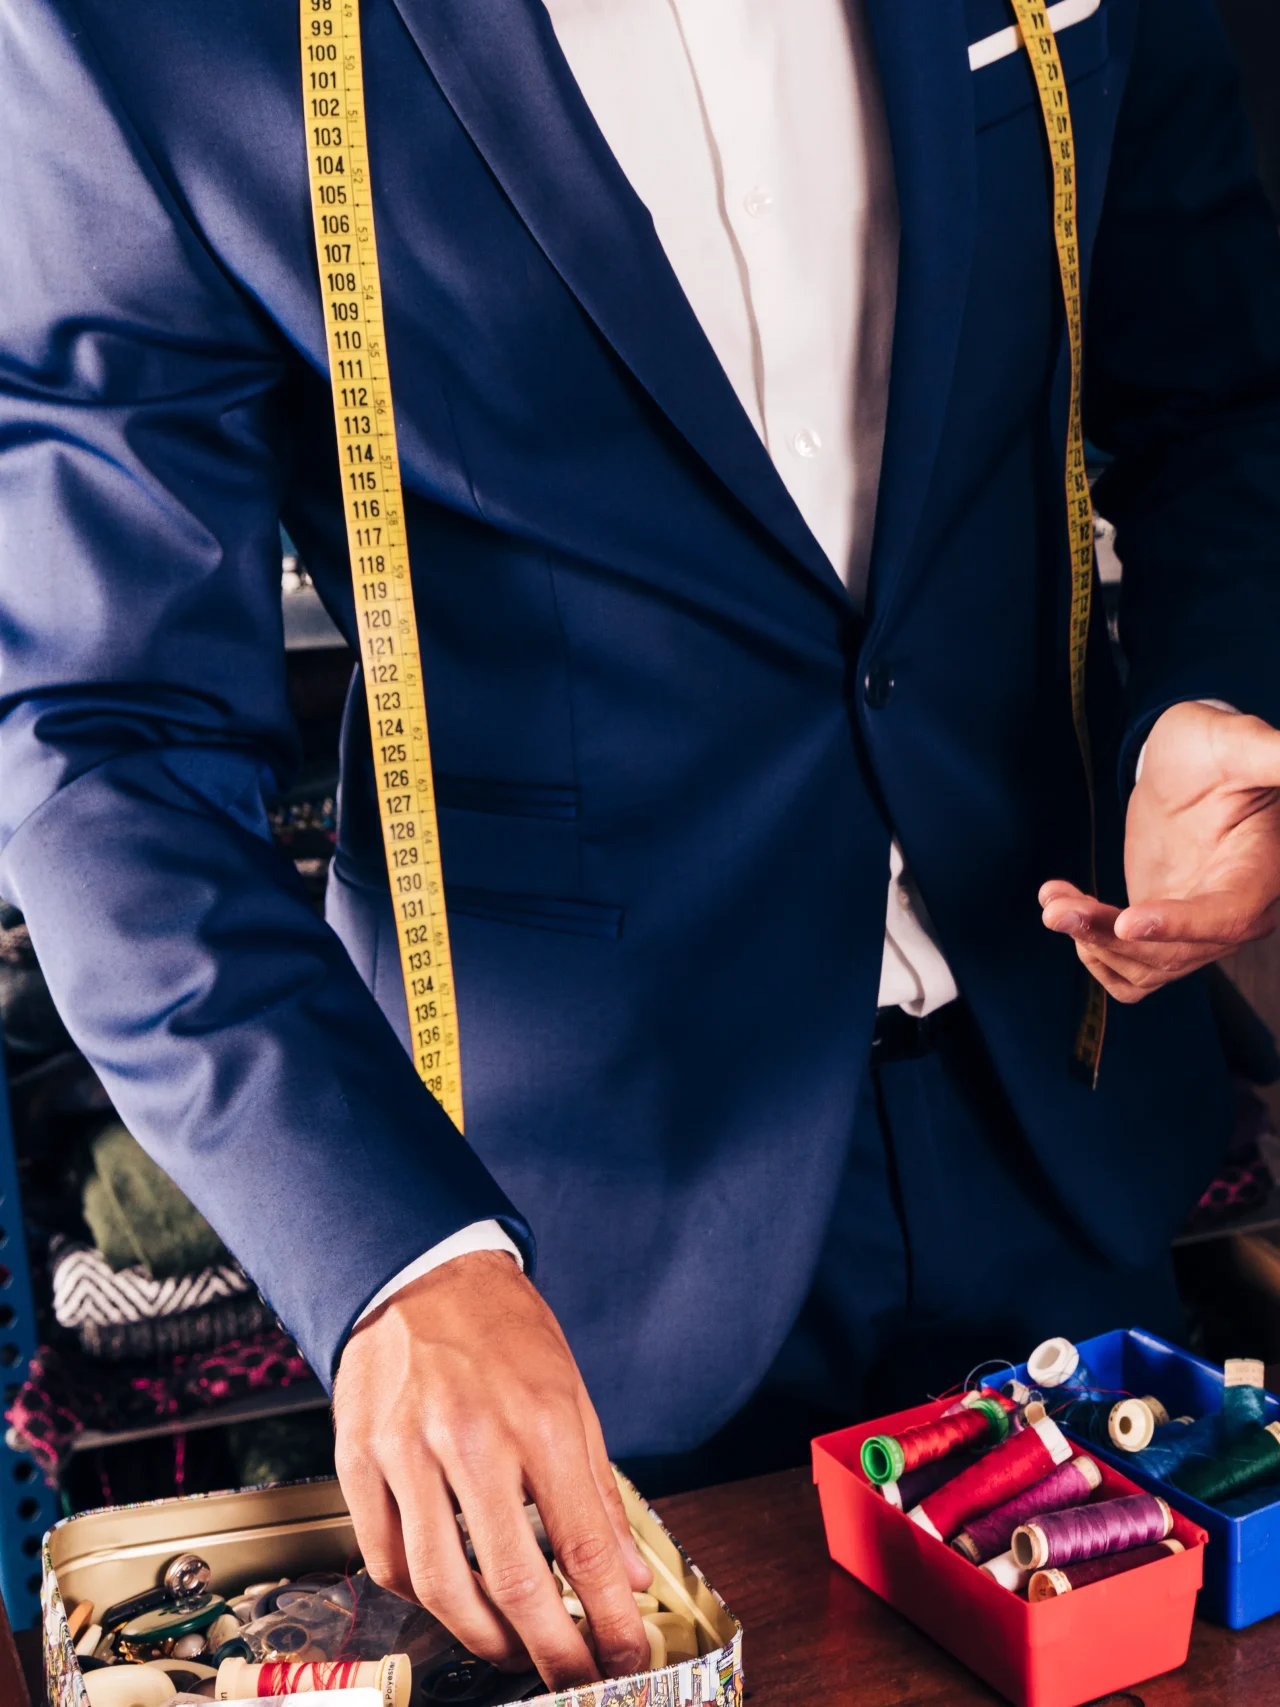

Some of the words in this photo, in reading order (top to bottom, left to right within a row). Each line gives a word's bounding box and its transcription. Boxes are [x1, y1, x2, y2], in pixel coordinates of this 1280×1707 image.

[311, 0, 331, 11] 98
[311, 20, 332, 36] 99
[307, 44, 337, 61] 100
[345, 55, 355, 71] 50
[310, 71, 336, 89] 101
[311, 98, 340, 117] 102
[347, 110, 358, 123] 51
[314, 127, 342, 146] 103
[316, 156, 344, 174] 104
[352, 168, 363, 184] 52
[318, 186, 347, 204] 105
[321, 215, 349, 234] 106
[357, 227, 368, 243] 53
[324, 244, 351, 263] 107
[327, 273, 355, 291] 108
[363, 285, 374, 301] 54
[331, 302, 358, 320] 109
[334, 331, 361, 349] 110
[369, 342, 380, 358] 55
[338, 360, 363, 378] 111
[341, 388, 368, 406] 112
[375, 399, 386, 415] 56
[344, 416, 370, 434] 113
[347, 444, 374, 463] 114
[381, 455, 393, 470] 57
[350, 472, 376, 490] 115
[353, 500, 379, 518] 116
[386, 510, 398, 525] 58
[356, 527, 381, 546] 117
[359, 555, 384, 574] 118
[362, 582, 387, 600] 119
[364, 609, 391, 628] 120
[400, 619, 411, 635] 60
[368, 636, 393, 655] 121
[371, 664, 398, 683] 122
[407, 673, 416, 687] 61
[374, 692, 400, 710] 123
[377, 718, 404, 736] 124
[413, 727, 423, 741] 62
[381, 744, 406, 763] 125
[384, 770, 409, 788] 126
[418, 778, 428, 793] 63
[386, 795, 411, 814] 127
[390, 821, 415, 840] 128
[393, 847, 418, 868] 129
[397, 873, 422, 892] 130
[401, 899, 424, 919] 131
[405, 925, 428, 946] 132
[409, 950, 431, 970] 133
[412, 976, 433, 996] 134
[415, 1001, 436, 1022] 135
[418, 1026, 440, 1048] 136
[421, 1051, 441, 1070] 137
[424, 1076, 443, 1093] 38
[385, 1661, 395, 1700] Polyester
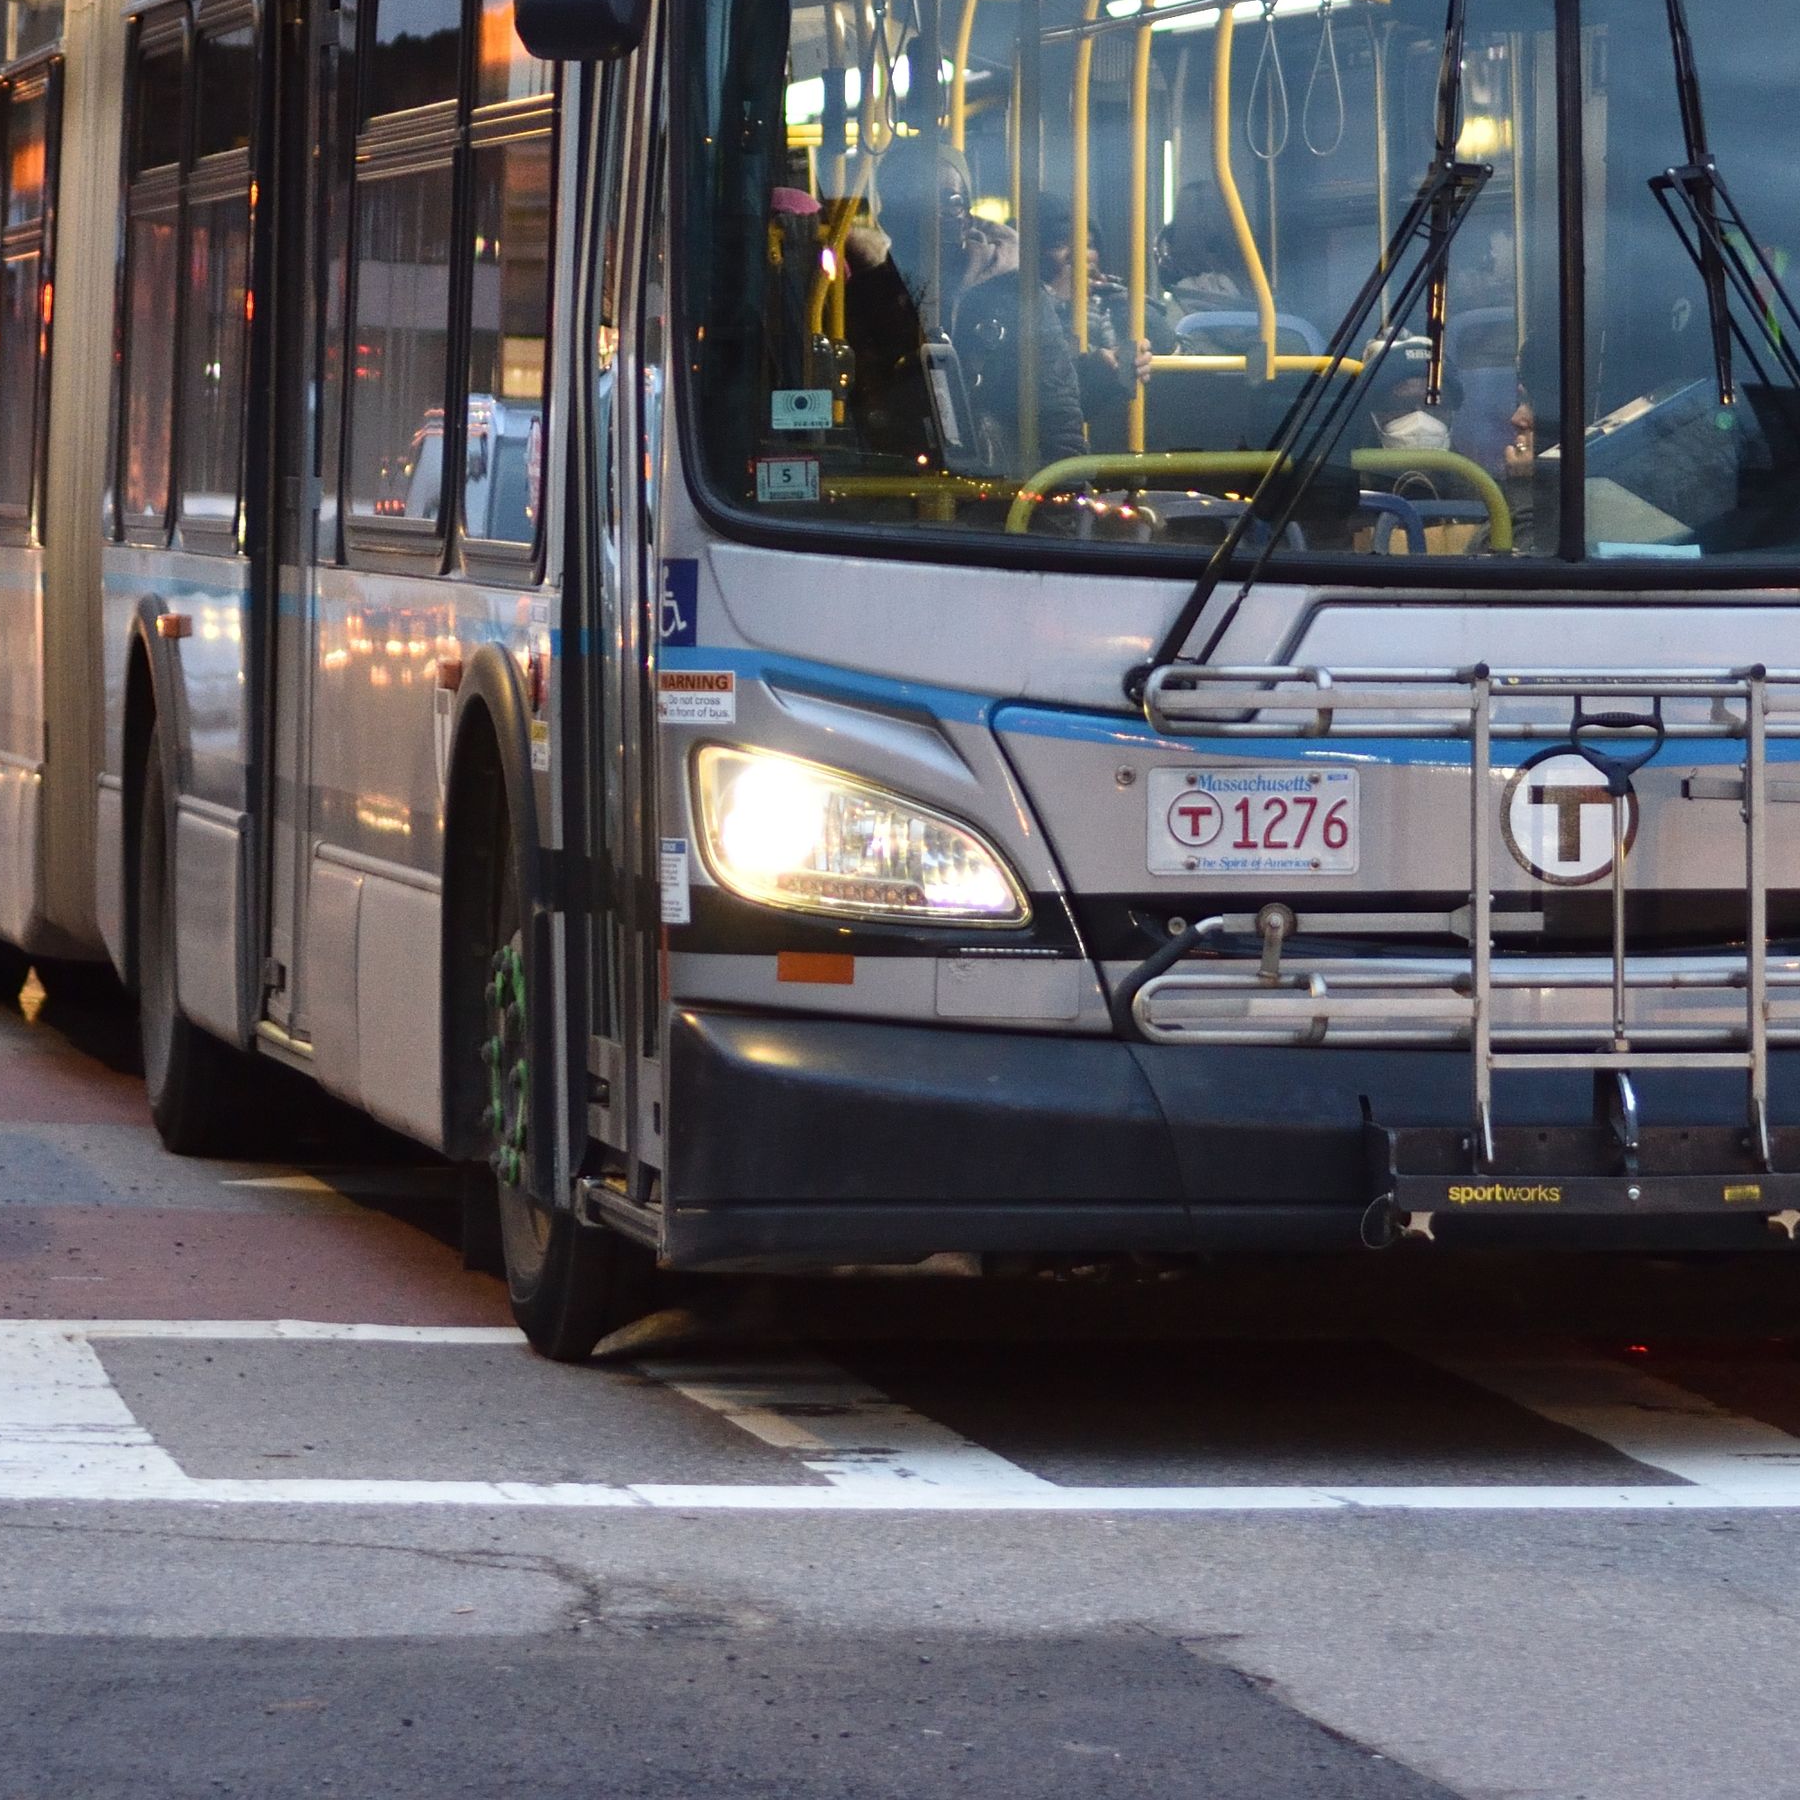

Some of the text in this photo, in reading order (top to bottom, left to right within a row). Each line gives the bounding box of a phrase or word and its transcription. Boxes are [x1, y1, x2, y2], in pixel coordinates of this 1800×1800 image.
● ● ● ● ● ● ●
- _THE PROBLEM_
Could all the data above be given again exactly, leaving out its images?

- _TASK SOLUTION_
Some of the words in this photo, in reading order (top to bottom, left to right within a row). Each line gives a word's bounding box and its transcription. Boxes are [x1, y1, x2, y2], in pixel coordinates of this 1280×1707 image.

[311, 0, 331, 11] 98
[311, 20, 332, 36] 99
[307, 44, 337, 61] 100
[345, 55, 355, 71] 50
[310, 71, 336, 89] 101
[311, 98, 340, 117] 102
[347, 110, 358, 123] 51
[314, 127, 342, 146] 103
[316, 156, 344, 174] 104
[352, 168, 363, 184] 52
[318, 186, 347, 204] 105
[321, 215, 349, 234] 106
[357, 227, 368, 243] 53
[324, 244, 351, 263] 107
[327, 273, 355, 291] 108
[363, 285, 374, 301] 54
[331, 302, 358, 320] 109
[334, 331, 361, 349] 110
[369, 342, 380, 358] 55
[338, 360, 363, 378] 111
[341, 388, 368, 406] 112
[375, 399, 386, 415] 56
[344, 416, 370, 434] 113
[347, 444, 374, 463] 114
[381, 455, 393, 470] 57
[350, 472, 376, 490] 115
[353, 500, 379, 518] 116
[386, 510, 398, 525] 58
[356, 527, 381, 546] 117
[359, 555, 384, 574] 118
[362, 582, 387, 600] 119
[364, 609, 391, 628] 120
[400, 619, 411, 635] 60
[368, 636, 393, 655] 121
[371, 664, 398, 683] 122
[407, 673, 416, 687] 61
[374, 692, 400, 710] 123
[377, 718, 404, 736] 124
[413, 727, 423, 741] 62
[381, 744, 406, 763] 125
[384, 770, 409, 788] 126
[418, 778, 428, 793] 63
[386, 795, 411, 814] 127
[390, 821, 415, 840] 128
[393, 847, 418, 868] 129
[397, 873, 422, 892] 130
[401, 899, 424, 919] 131
[405, 925, 428, 946] 132
[409, 950, 431, 970] 133
[412, 976, 433, 996] 134
[415, 1001, 436, 1022] 135
[418, 1026, 440, 1048] 136
[421, 1051, 441, 1070] 137
[424, 1076, 443, 1093] 38
[385, 1661, 395, 1700] Polyester

Some of the text in this photo, in reading order (top to bottom, left to right within a row). Each line gives the bounding box of a phrase or word and its transcription. Boxes are [x1, y1, x2, y2], in pixel coordinates of this 1800×1800 image.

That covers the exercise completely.